I signed up with a New York publisher for a new book.  I signed two other contracts granting permission to have nearly a dozen of my essays published in two magazines.  And I signed another contract (electronic pen online . . . with that tiny little hand) granting permission for a journal to publish a poem.

I'd love to say that I love the smell of fresh ink in the morning, but there's very little ink used in contracts anymore.  Contracts now days are essentially long rambling documents, written in legal jargon (which I have finally learned to interpret), and the writer signs the whole shebang at the end in illegible script.

In my office at home I have a filing cabinet, one drawer nearly filled to the brim with writing contracts.  These things mound up as the years go by.  I rarely have need to pull them out . . . but sometimes questions arise around issues of second rights, or foreign rights, or even such mundane matters as the number of author copies to be shipped at the time of publication.  Sometimes I pull out an old contract to check royalty percentages or the scale of the percentage built around sales figures. 

Often, when writers talk about these matters, folks believe that we are discussing enormous sums of money.

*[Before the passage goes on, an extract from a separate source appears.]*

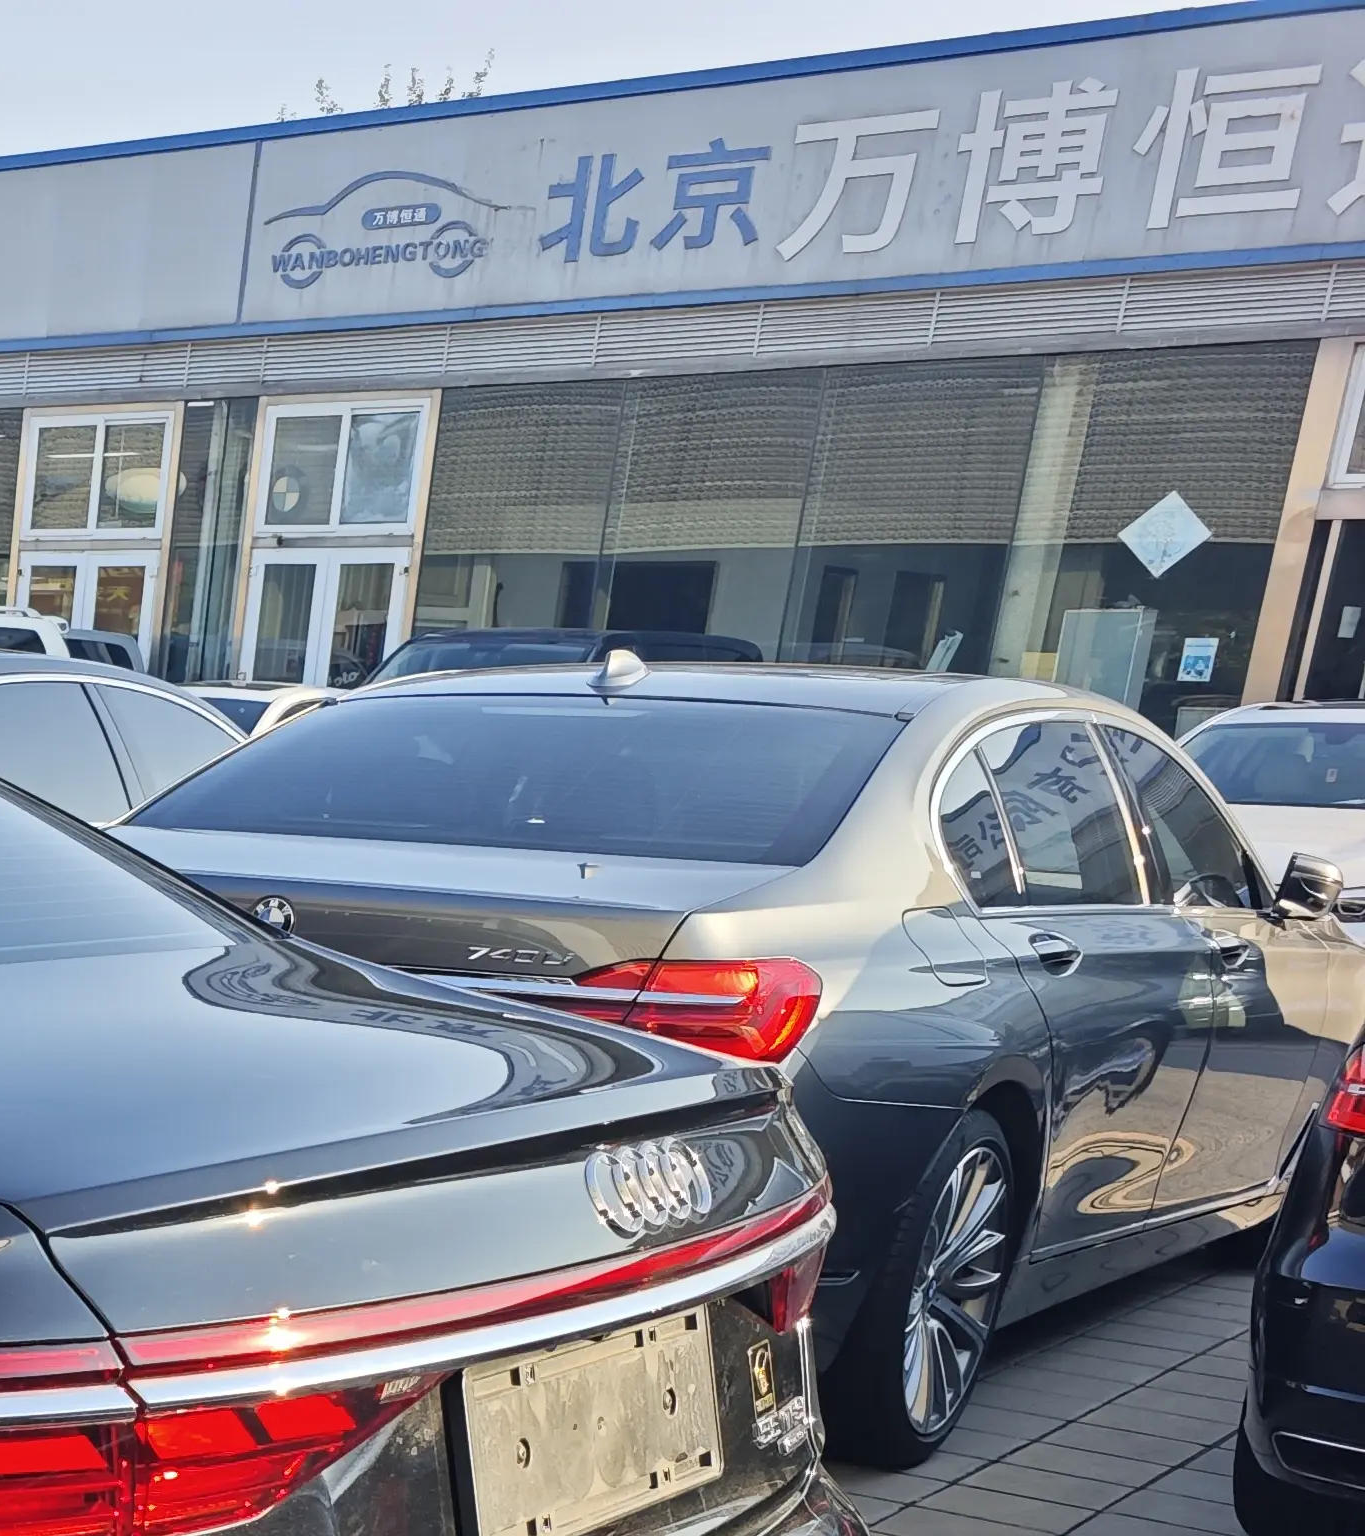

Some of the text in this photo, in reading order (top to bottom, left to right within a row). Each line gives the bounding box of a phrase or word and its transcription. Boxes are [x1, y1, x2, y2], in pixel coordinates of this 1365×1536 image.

[538, 58, 1365, 263] 北京万博恒
[372, 206, 427, 226] 万博恒通
[272, 237, 491, 274] WANBOHENGTONG
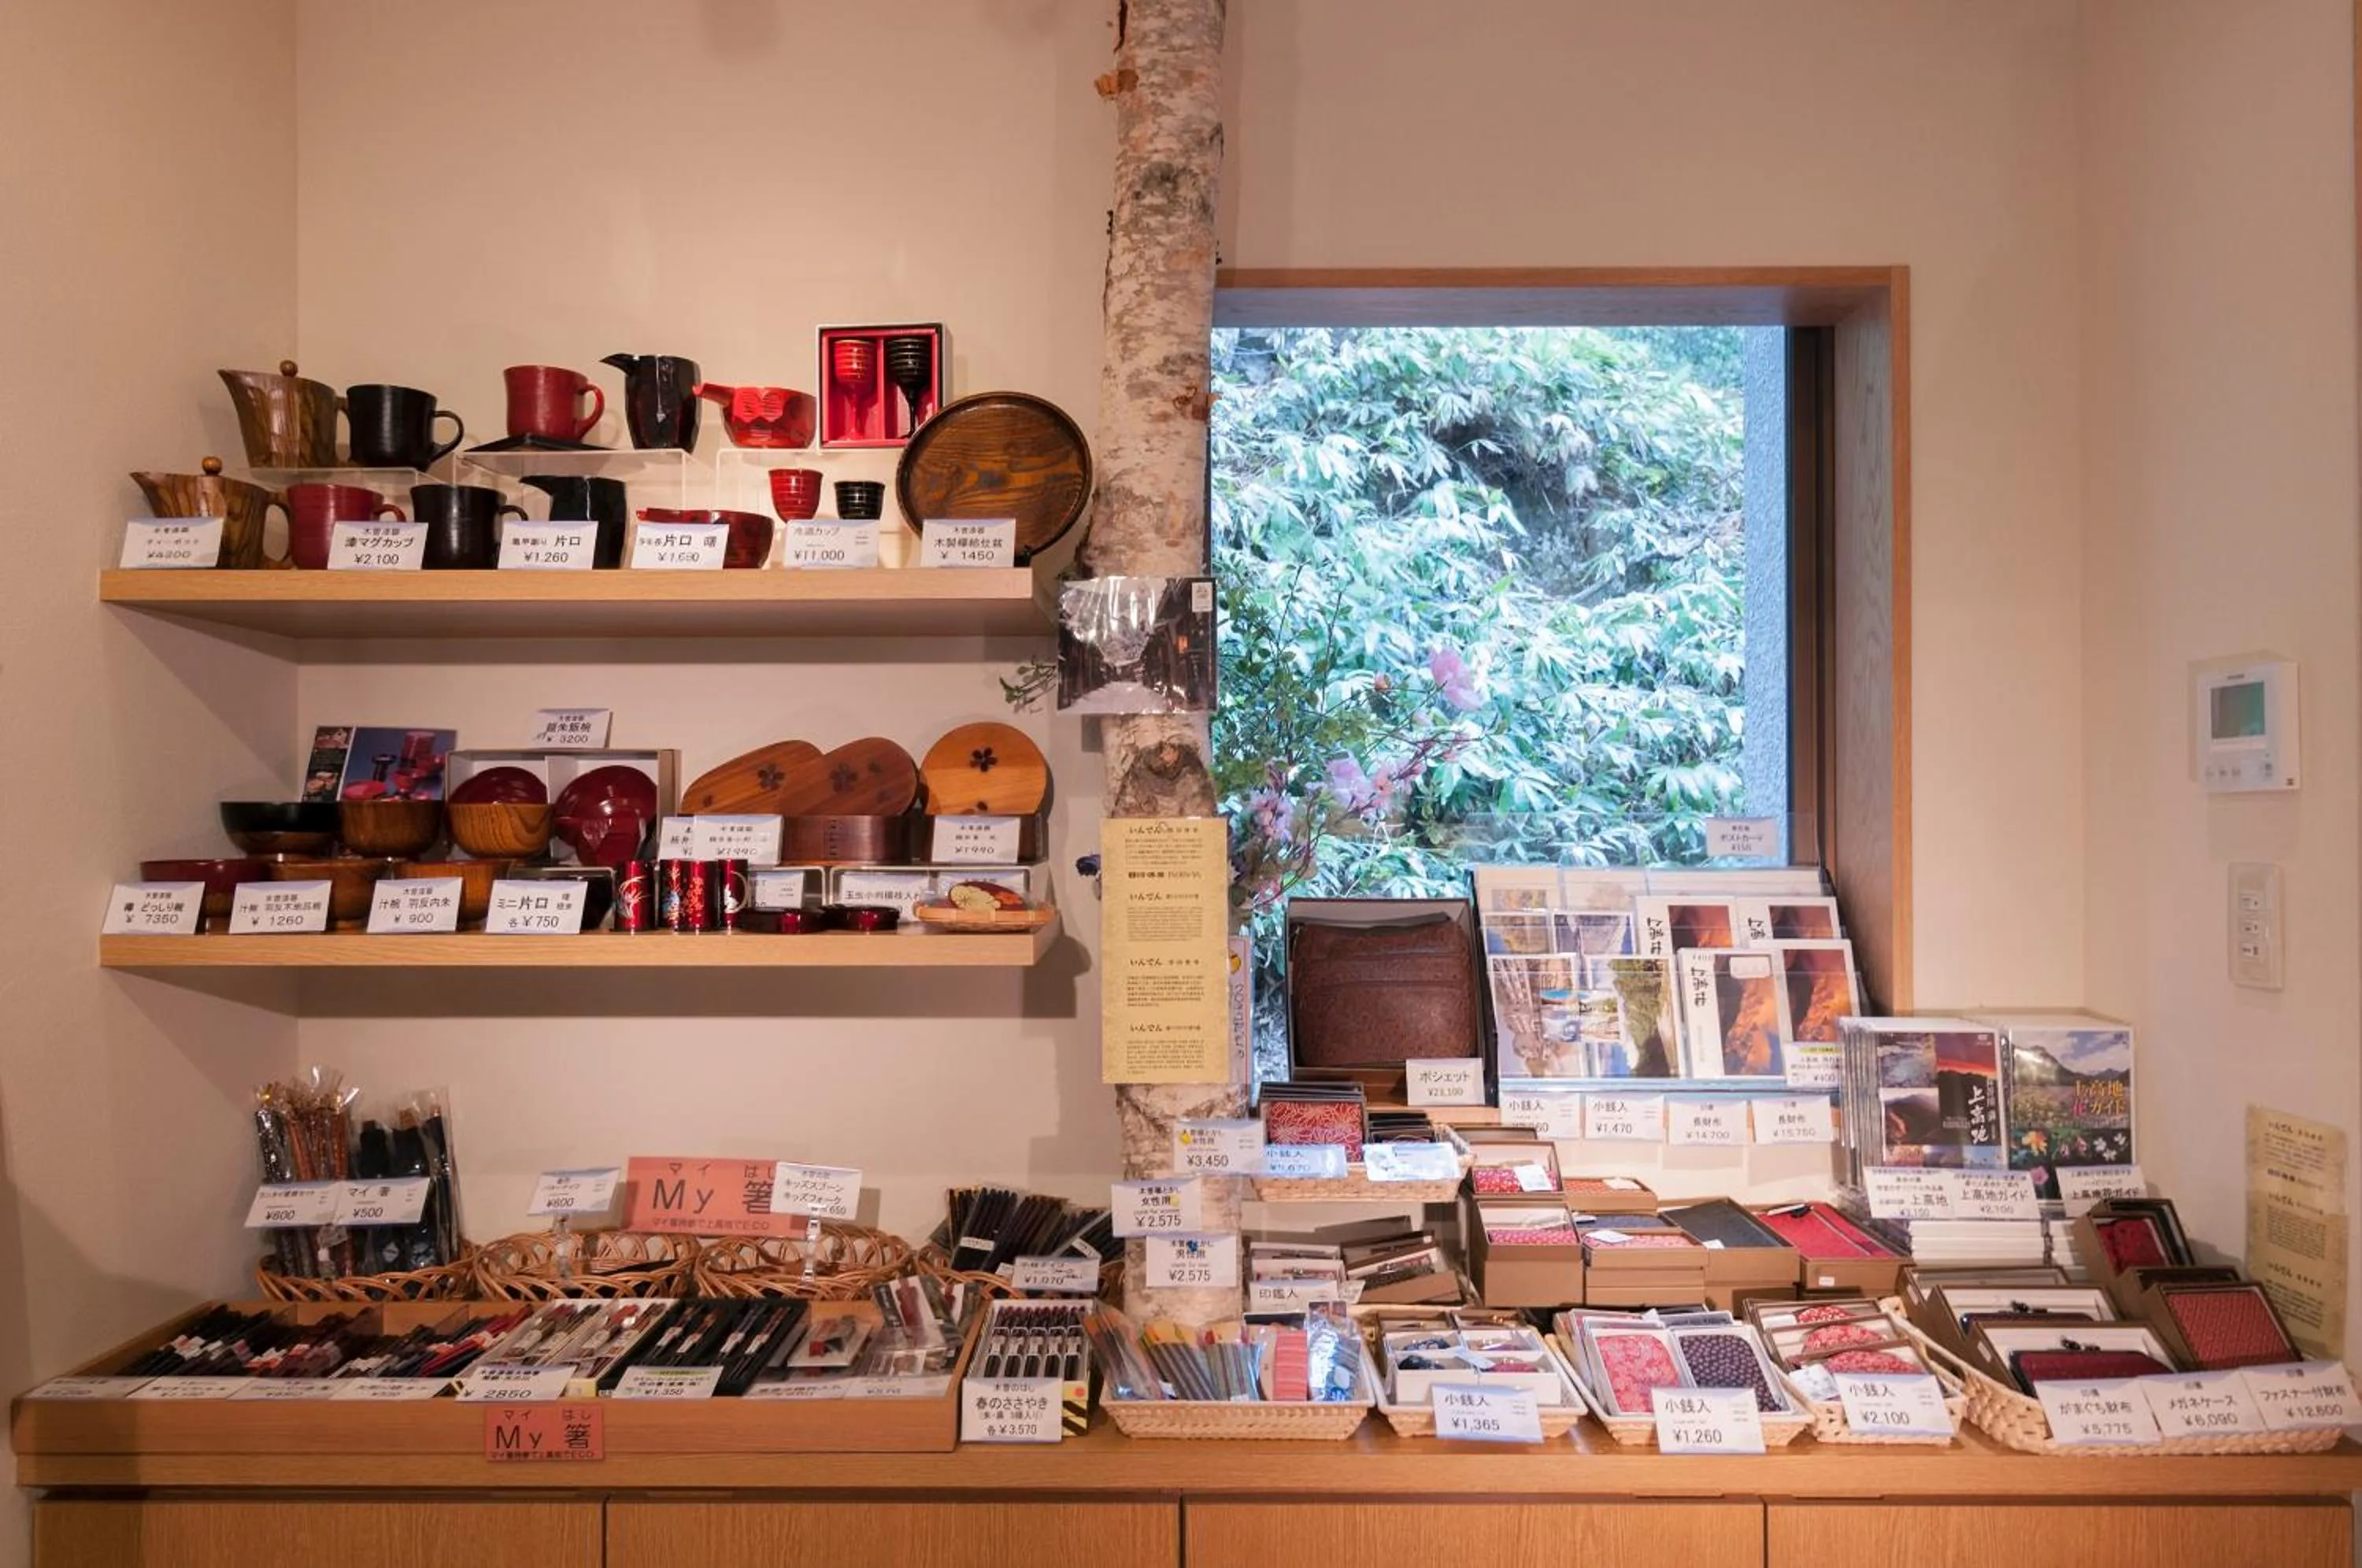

In actuality, most contracts I sign are for $0 net, and even with books the sums discussed are mere pennies.  Still, contracts look impressive . . . especially when they are piled high in a filing cabinet drawer and my wife sees them and the stack causes her to become romantic and she yells at me for not having dinner ready.  Fifteen page contracts can have this effect upon women, and I always make sure my wife is sitting next to me on the couch when I sign them.  It's my way of telling her that I have value, that I am worthy of her ten minutes of attention each week.

Of course, she always wants to know, "How much are you gettin' to write this?"

My answer is usually, "Nothing.  It's just the honor of being married to a guy who can write a decent love poem."

This is where she walks away and sticks her nose in the freezer, searching for a creme sickle. 

I just sign the lines.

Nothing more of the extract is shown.